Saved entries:
BEGIN
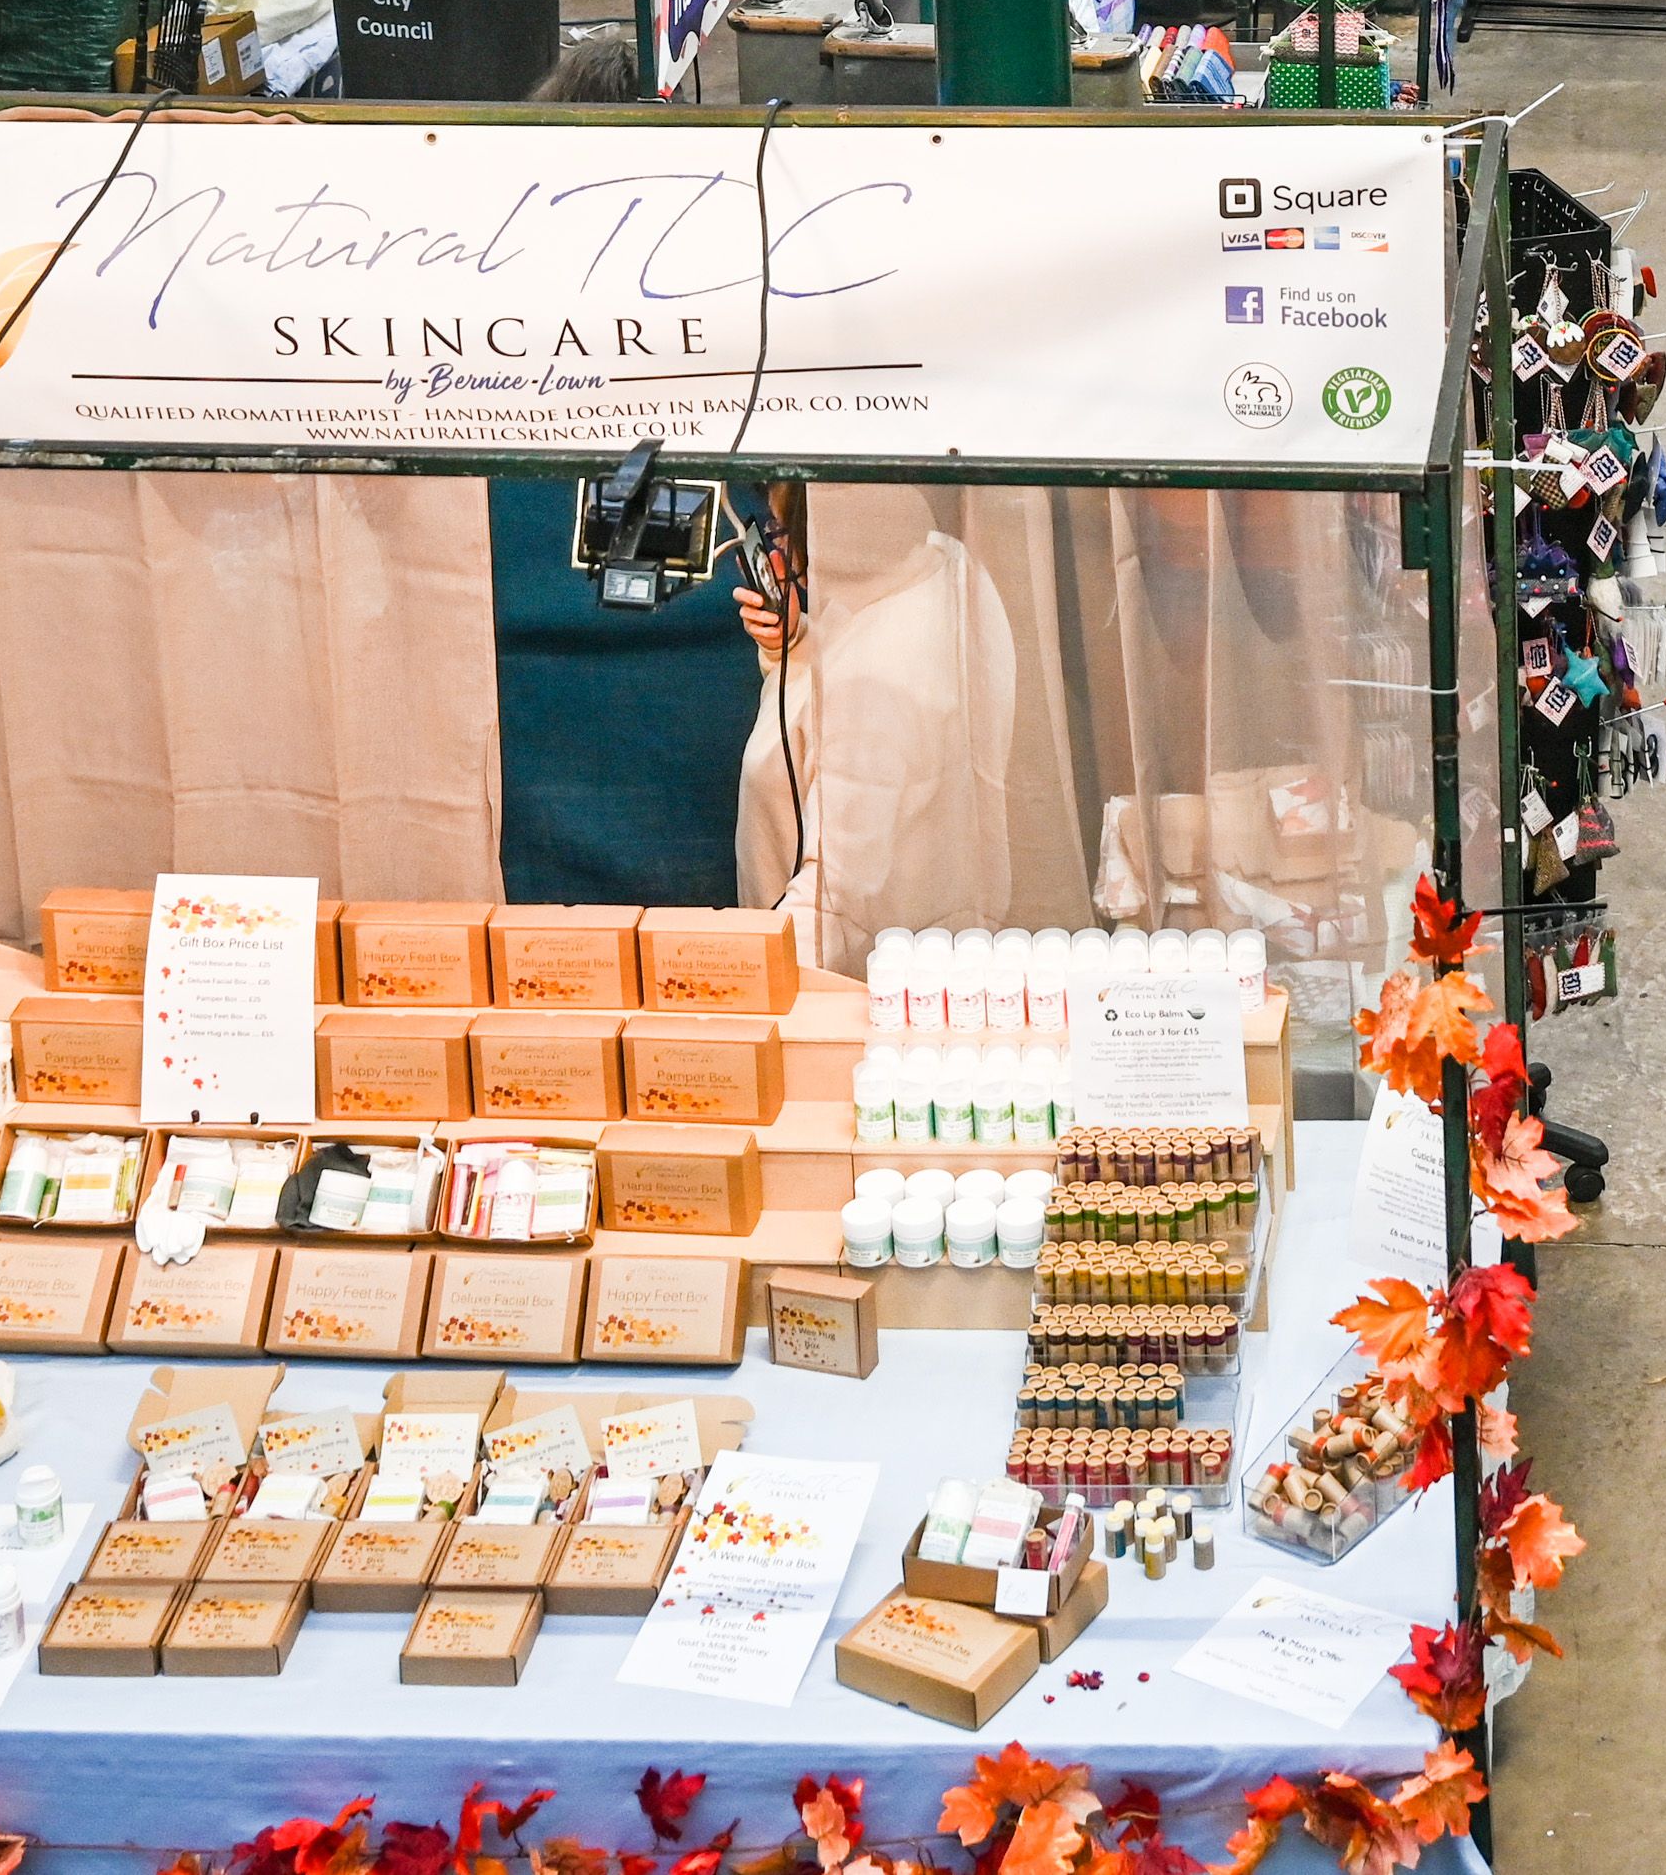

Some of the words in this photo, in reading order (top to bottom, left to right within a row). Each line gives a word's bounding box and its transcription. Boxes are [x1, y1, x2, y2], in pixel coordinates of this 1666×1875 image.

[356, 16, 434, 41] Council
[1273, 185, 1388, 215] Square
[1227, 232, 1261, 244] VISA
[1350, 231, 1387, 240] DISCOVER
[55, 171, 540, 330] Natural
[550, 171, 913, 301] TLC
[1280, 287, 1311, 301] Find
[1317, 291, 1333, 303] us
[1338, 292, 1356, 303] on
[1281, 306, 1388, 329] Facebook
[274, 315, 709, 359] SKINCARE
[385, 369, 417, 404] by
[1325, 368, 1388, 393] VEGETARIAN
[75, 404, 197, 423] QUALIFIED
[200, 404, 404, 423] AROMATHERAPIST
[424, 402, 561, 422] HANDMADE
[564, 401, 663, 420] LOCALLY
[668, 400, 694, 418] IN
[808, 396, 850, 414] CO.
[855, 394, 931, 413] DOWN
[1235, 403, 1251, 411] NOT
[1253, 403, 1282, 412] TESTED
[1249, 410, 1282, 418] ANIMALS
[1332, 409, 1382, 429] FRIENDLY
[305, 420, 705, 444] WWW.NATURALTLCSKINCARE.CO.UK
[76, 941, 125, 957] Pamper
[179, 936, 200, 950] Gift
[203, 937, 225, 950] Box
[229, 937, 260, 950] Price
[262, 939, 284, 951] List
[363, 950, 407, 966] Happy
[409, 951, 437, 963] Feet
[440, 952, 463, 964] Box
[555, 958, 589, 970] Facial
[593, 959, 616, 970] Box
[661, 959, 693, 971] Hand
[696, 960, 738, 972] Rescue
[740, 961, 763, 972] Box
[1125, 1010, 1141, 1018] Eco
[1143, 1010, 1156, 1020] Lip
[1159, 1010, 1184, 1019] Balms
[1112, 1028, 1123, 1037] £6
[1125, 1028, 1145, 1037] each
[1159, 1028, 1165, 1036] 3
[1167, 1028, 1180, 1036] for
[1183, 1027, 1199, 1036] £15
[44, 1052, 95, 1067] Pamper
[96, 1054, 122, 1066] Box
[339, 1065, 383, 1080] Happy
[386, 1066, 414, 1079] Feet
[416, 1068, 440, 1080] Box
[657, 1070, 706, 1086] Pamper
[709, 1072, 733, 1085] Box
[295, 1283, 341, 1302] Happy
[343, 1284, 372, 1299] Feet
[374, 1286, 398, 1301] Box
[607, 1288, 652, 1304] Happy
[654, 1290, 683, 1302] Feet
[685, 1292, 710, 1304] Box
END
● **Directions**: If a line of the data contains the word "Pamper", count it; say how many such lines there are and nothing else.

● **Written solution**: 3